To our analytics expert, I said "I get asked a lot about the end-to-end flow, but I'm not sure what that means exactly. Do you have the same problem?" A wave of common struggle and understanding washed over them.

By the time 15 people had given their perspective, the diagram had exploded into this monstrosity.

A completely overwhelming mess

This diagram was hard to read. It wasn't clear (to anyone but me) where the entry and exit points where. The key was hard to reference and had too much explanation. At a glance, the main takeaway was "This is complicated." This did live up to one of my goals: get people to see that "test everything end-to-end" is not a straightforward, single path. We wouldn't test every path or promise full coverage from the start (or ever, but that's another conversation). But we could say: "There's a lot to cover here. Let's choose the most important path to start."

In showing the diagram to our sales and UX experts, and again acknowledging that this kind of diagramming was more their expertise than mine, I got nudged in the direction of business process modelling notation. I kept my teams and user actions in a way that notation didn't imagine, but putting everything in rows and columns gave my diagram an air of professionalism it didn't have before.

Something bordering on approachable

A different UX expert said they'd been too overwhelemed to try to process my overwhelming mess of a diagram, but they'd been able to read and learn from this attempt.

Our software development managers and product experts were the ones asking about the state of end-to-end testing initially. Showing them the diagram got them thinking on the exactly the paths I wanted to trigger:

  • Can we have one of these for a different product we're building?
  • What would this diagram look like if we only followed one user persona's journey?
  • What else might be included in end-to-end if we think outside the scope of the seven engineering teams in our unit?
  • How do people buy the product? How are they onboarded?
  • How do people learning how to use the product discover these steps you've outlined? How do they know which direction they want to go?
  • How do people make decisions at these decision points?
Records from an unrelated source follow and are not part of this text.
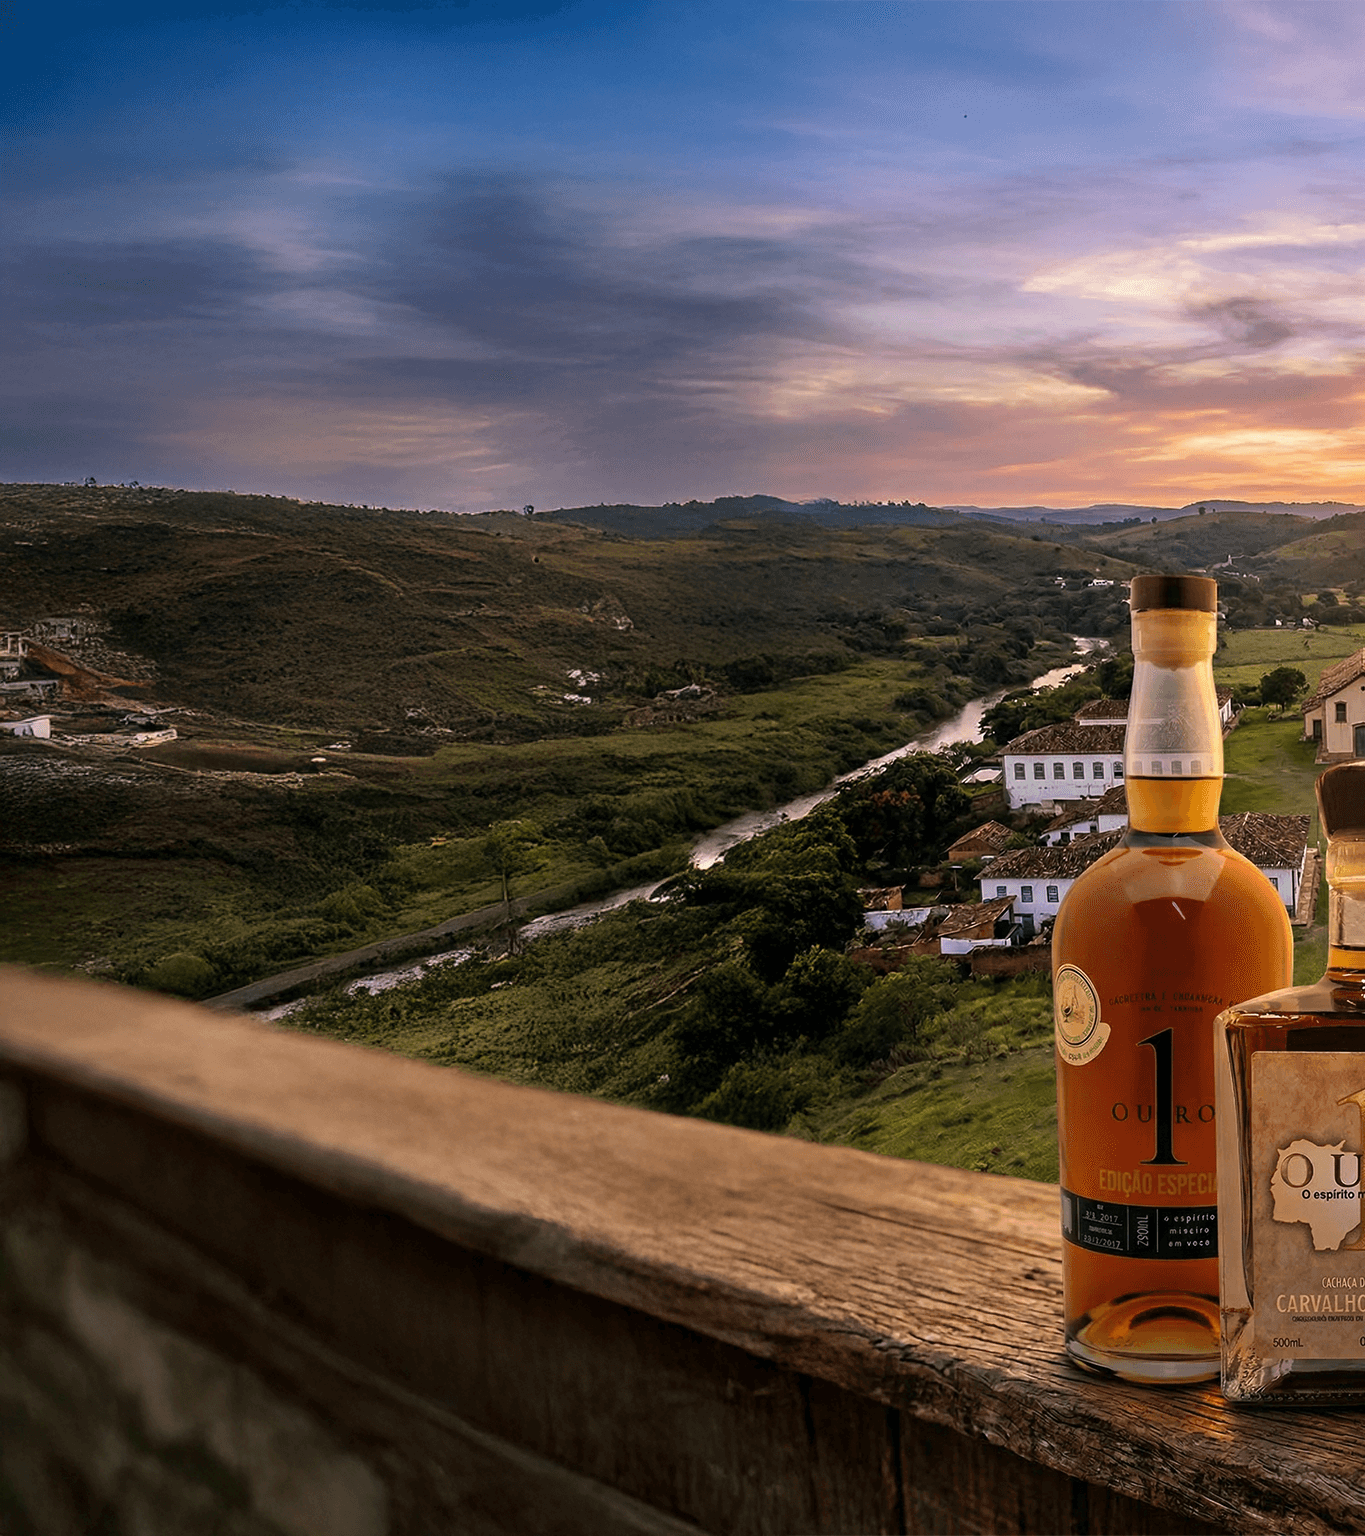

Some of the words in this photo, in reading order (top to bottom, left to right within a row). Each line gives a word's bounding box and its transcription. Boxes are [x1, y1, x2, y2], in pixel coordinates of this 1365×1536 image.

[1136, 1027, 1189, 1166] 1
[1111, 1102, 1216, 1124] OURO
[1099, 1169, 1153, 1198] EDIÇÃO
[1301, 1189, 1311, 1200] O
[1313, 1188, 1355, 1202] espírito
[1321, 1276, 1358, 1290] CACHAÇA
[1272, 1337, 1304, 1348] 500mL
How can we gain more insight into how they're doing that?

I think I probably could have helped perform some end-to-end testing with a collection of testers from the three teams I initially identifed in my first diagram, gone back to the managers and proclaimed "yes, we're end-to-end testing." But my job isn't to provide simple answers. It's to get people thinking about the whole, and asking the important questions for themselves. The journey of this diagram did exactly that.


Do you find yourself answering questions that you see as misguided? How can you guide people to ask better questions?